Prolymphocytic leukemia: the therapeutic strategy

Prolymphocytic leukemia (PLL) is a malignant lymphoproliferative disorder, characterized by massive splenomegaly, predominance of prolymphocytes in the peripheral blood and bone marrow, minimal lymph nodes enlargement and poor prognosis. It accounts for a 5-10% case of chronic lymphocytic leukemia (CLL). Patients age is usually over the fifth decade, the disease is 4.1 more common in males. More than 80% are B-lymphocytic derived cells showing a post-thymic phenotype. Median survival of B-PLL patients is 3 years, while only 7 months in T-PLL. Standard therapy of CLL with alkylating agents and prednisone have been not much effective in the treatment of PLL with a response rate of about 20%. Up to date no ideal treatment is available for PLL. A realistic goal is probably to achieve a clinical course transformation, from aggressive to mild, thus changing from short to long term prognosis.
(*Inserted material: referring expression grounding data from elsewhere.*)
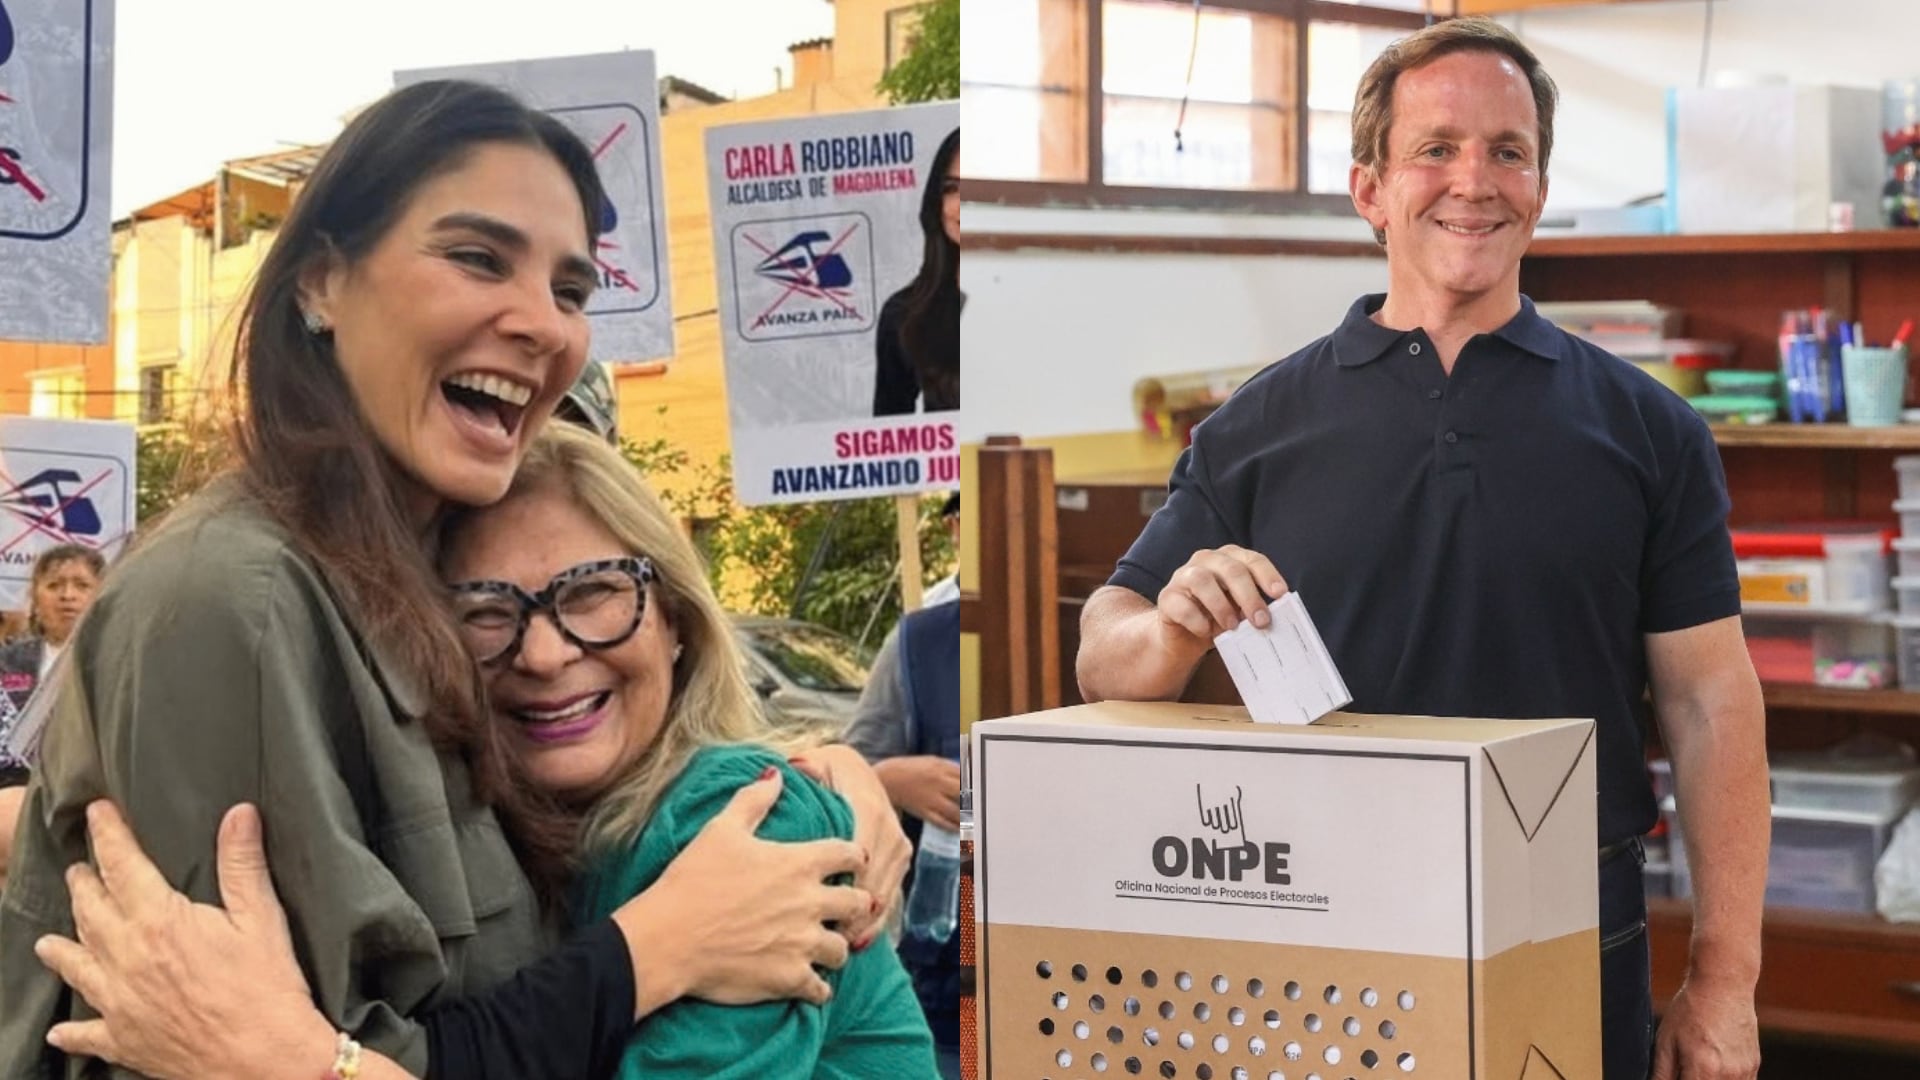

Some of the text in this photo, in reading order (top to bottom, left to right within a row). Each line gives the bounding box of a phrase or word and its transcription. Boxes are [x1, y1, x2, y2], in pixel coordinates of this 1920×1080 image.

[725, 131, 914, 181] CARLA ROBBIANO
[727, 169, 916, 205] ALCALDESA DE MAGDALENA
[757, 311, 818, 326] AVANZA
[835, 424, 954, 458] SIGAMOS
[772, 456, 960, 494] AVANZANDO JU
[1152, 835, 1291, 885] ONPE
[1115, 880, 1330, 905] Oficina Nacional de Procesos Electorales
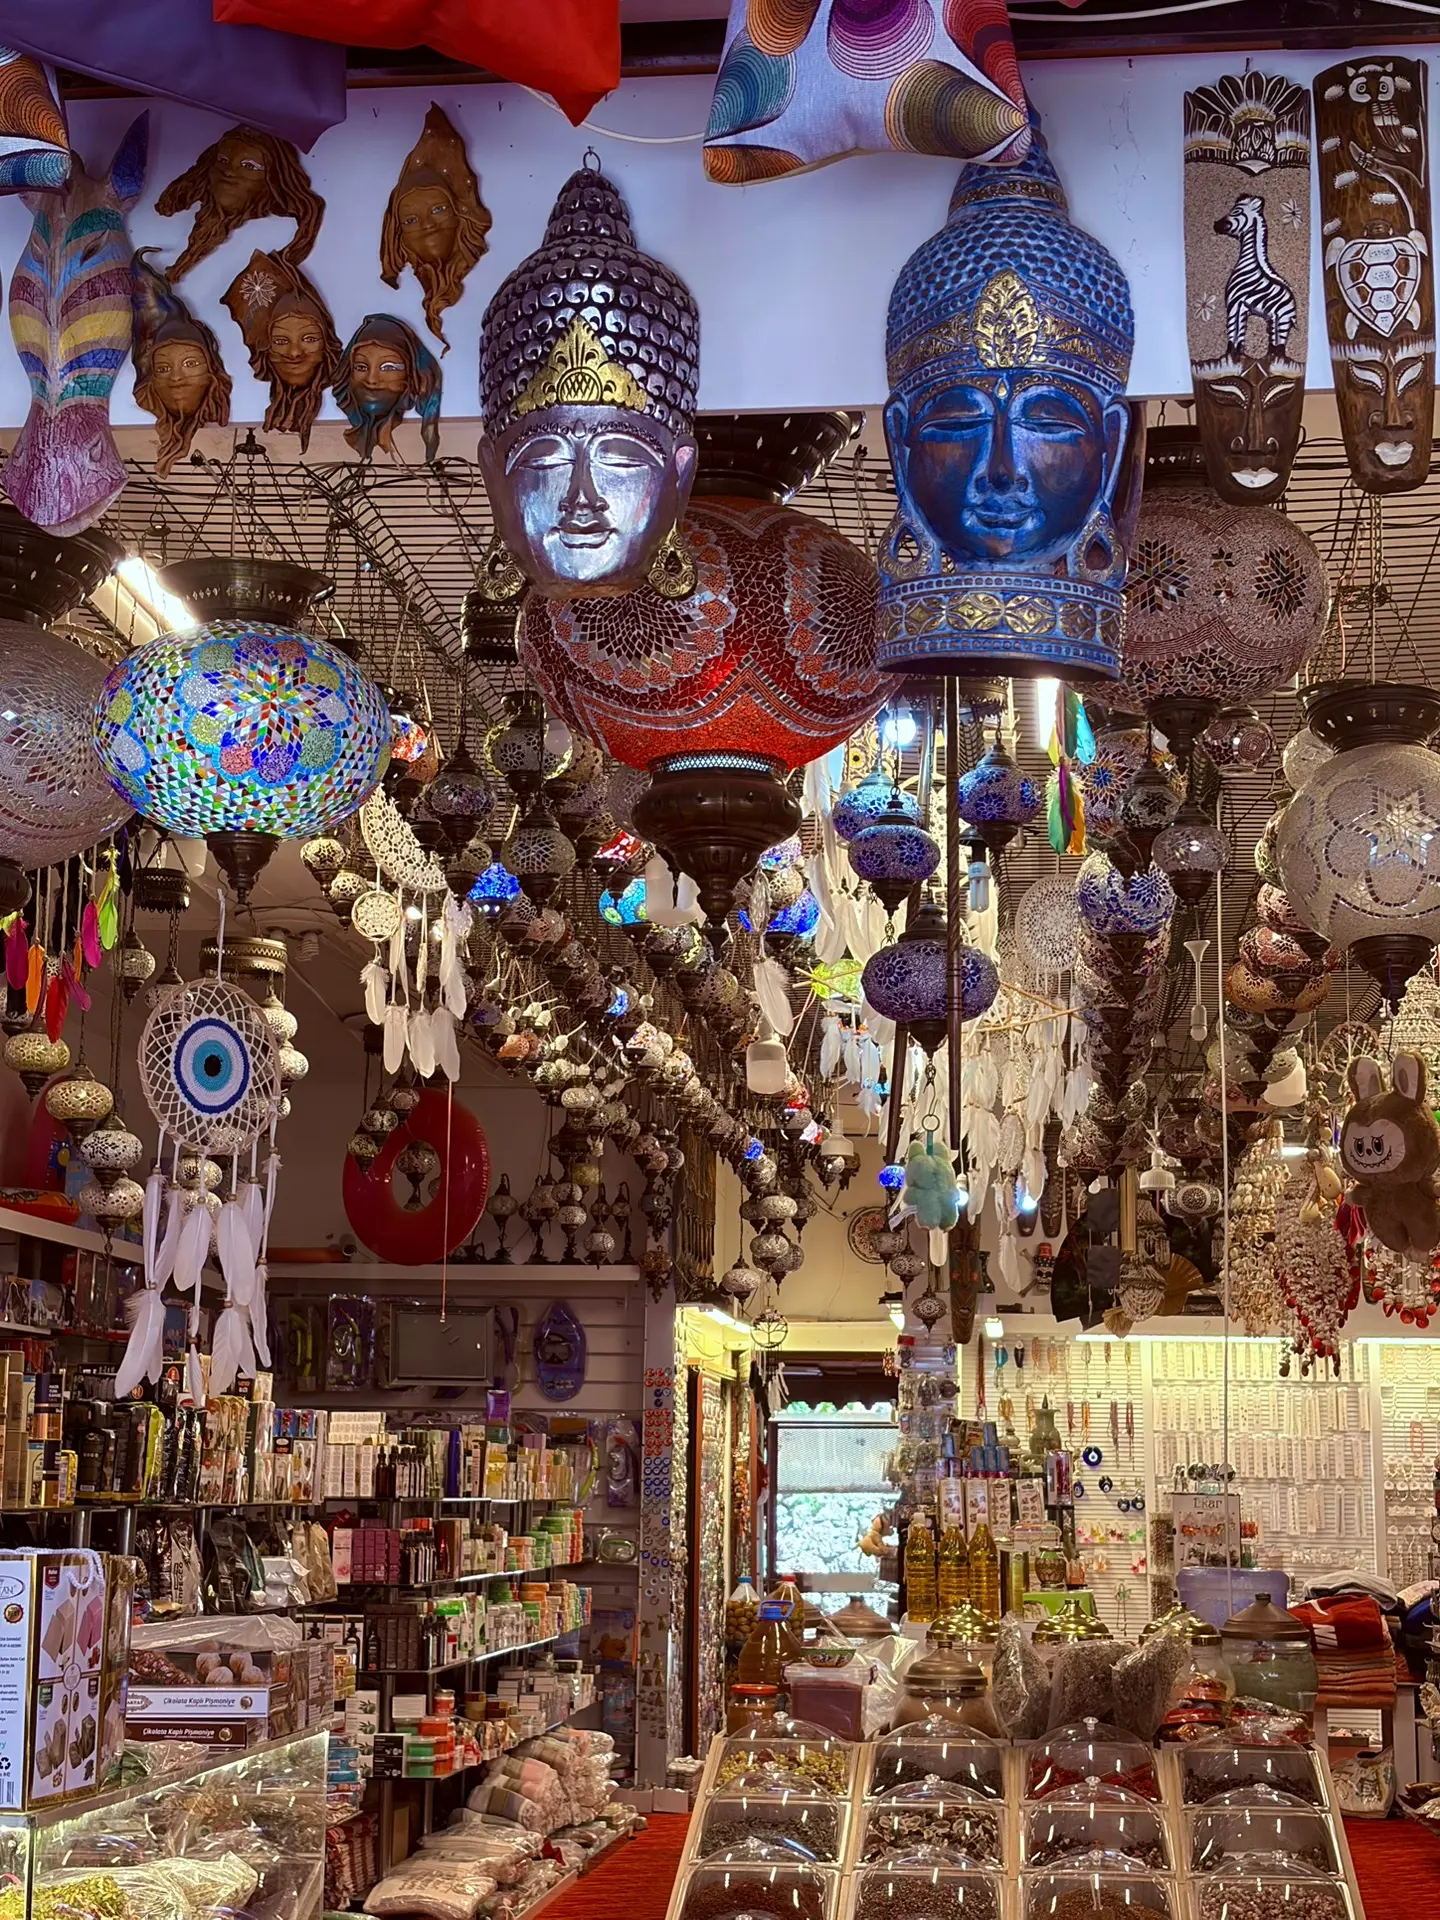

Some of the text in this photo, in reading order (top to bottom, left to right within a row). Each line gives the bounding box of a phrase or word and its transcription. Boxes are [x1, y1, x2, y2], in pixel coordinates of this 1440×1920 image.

[188, 1697, 204, 1705] Kaplı
[205, 1697, 235, 1705] Pişmaniye
[142, 1728, 215, 1736] Çikolata Kaplı Pişmaniye
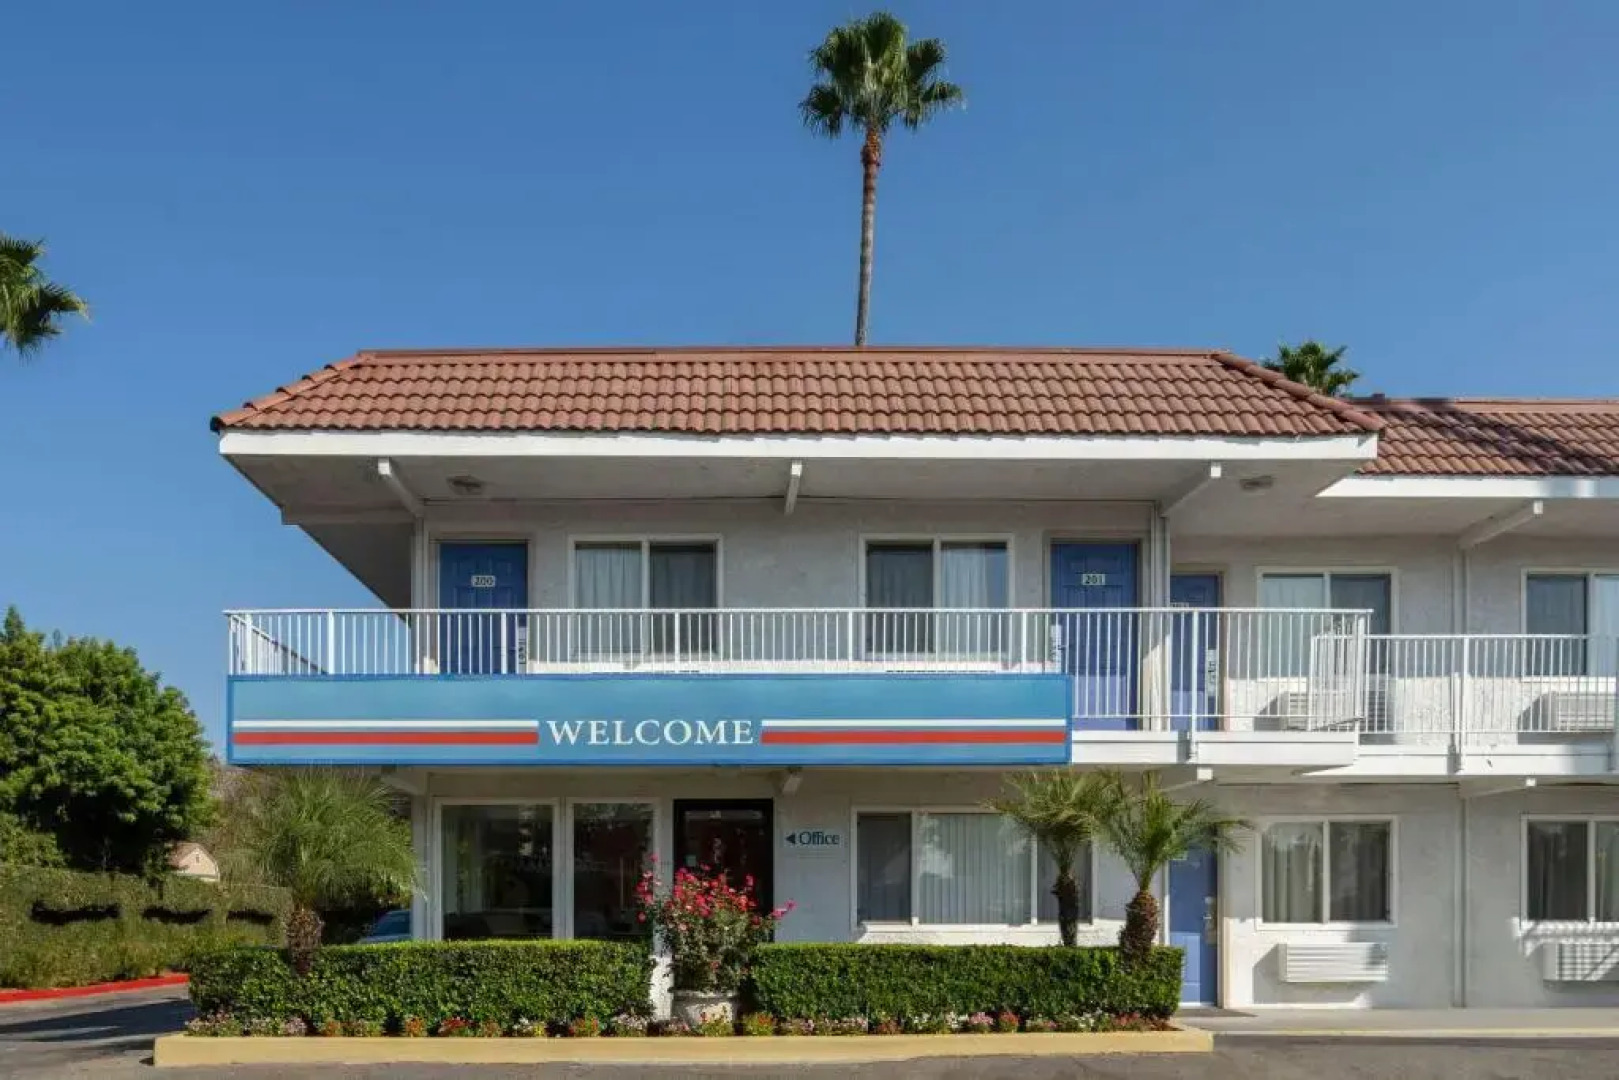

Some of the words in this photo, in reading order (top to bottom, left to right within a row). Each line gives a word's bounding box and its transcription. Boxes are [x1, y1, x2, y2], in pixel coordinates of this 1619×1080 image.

For this purpose the initial therapeutic approach cannot be limited to a single agent only. Splenic irradiation, intensive anthracyclines-based regimens, leukapheresis combine together represent the best therapeutic choice. Alkylating agents with or without prednisone may play a role in keeping indolent clinical course. Fludarabine has shown antileukemic activity against PPL even in patients resistant.